BETHANY PRESBYTERIAN CHURCH SEATTLE WA

 

Sermons
September 12, 2004 / Pastor Dan Baumgartner

The Bible and the Newspaper

Well, we’re heavy into the political season aren’t we? Candidates are backtracking faster than I can walk forward as they try to talk about the issues without isolating potential voters. And as volatile issues get trotted out one by one, I’m struck by how the church deals with them.

It seems that once an issue becomes identified as a hot political issue, we become very reluctant to deal with it in the church, especially in sermons.

This leaves us with a twofold challenge. First, as more things are perceived as “political” issues, we have more and more things to avoid talking about. And secondly, I believe these “political issues” are profoundly spiritual ones for someone trying to live a godly life. But at least from my perspective up here, as soon as the preacher speaks a controversial word in a sermon, the atmosphere tenses, we all lean forward and at least some of us say,

“Why is he getting political?”

I’d like to diffuse any tension this morning by just throwing out a bunch of hot moral and political issues and setting them on the table. I have to tell you, though, that I tried doing something similar in another setting.

Years ago, Anne and I were invited to speak at a high school youth camp in Minnesota. A week before the camp, they told us the topic they wanted us to do a seminar on. It was, of course, S-E-X. A hot topic for any age, especially high schoolers.

Most of the other seminars running simultaneously with ours had 10-12 kids there; we had 75-80 kids crammed into a small room. You could feel the electricity crackling in the room; it was bouncing off the walls.

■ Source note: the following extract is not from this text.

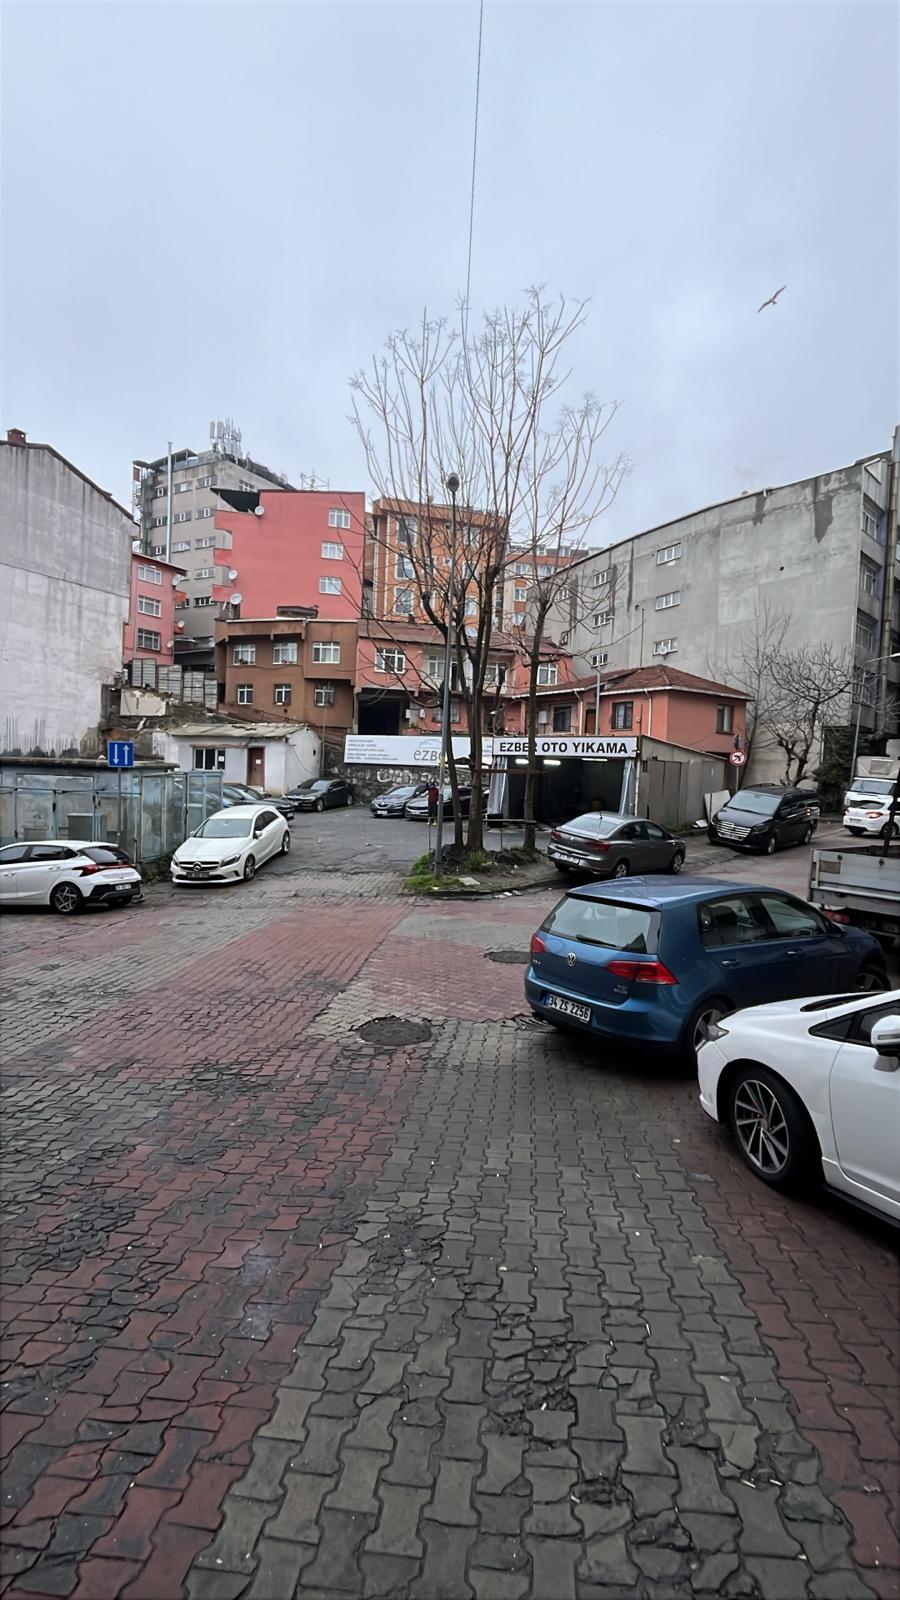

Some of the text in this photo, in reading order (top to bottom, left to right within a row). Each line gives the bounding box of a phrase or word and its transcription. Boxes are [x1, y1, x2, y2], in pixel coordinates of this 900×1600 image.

I decided that this topic, and this word sex had so much power, that we were going to start by just diffusing it all, getting it out on the table. So the very first thing I said was,

“You know…this word is so strong, I just want to invite you to say it out loud with me: 1-2-3 SEX.”

That was good. A few giggles, but lots of kids sheepish and a little subdued. So I went a step further, and said,

“Nope, not good enough. I want you to SHOUT it! In fact, SCREAM it! I’m going to count to three, you yell as loud as you can three times, SEX, SEX, SEX!”

They did it, and that seemed to work well. Anne and I went on and gave our talk. Then a couple of hours later, I went to the leaders meeting. I found out that in the room next to us was another seminar…on the topic of contemplative prayer! They had just started into quiet listening when this mighty shout came up from our room! I won’t ask you to repeat anything this morning.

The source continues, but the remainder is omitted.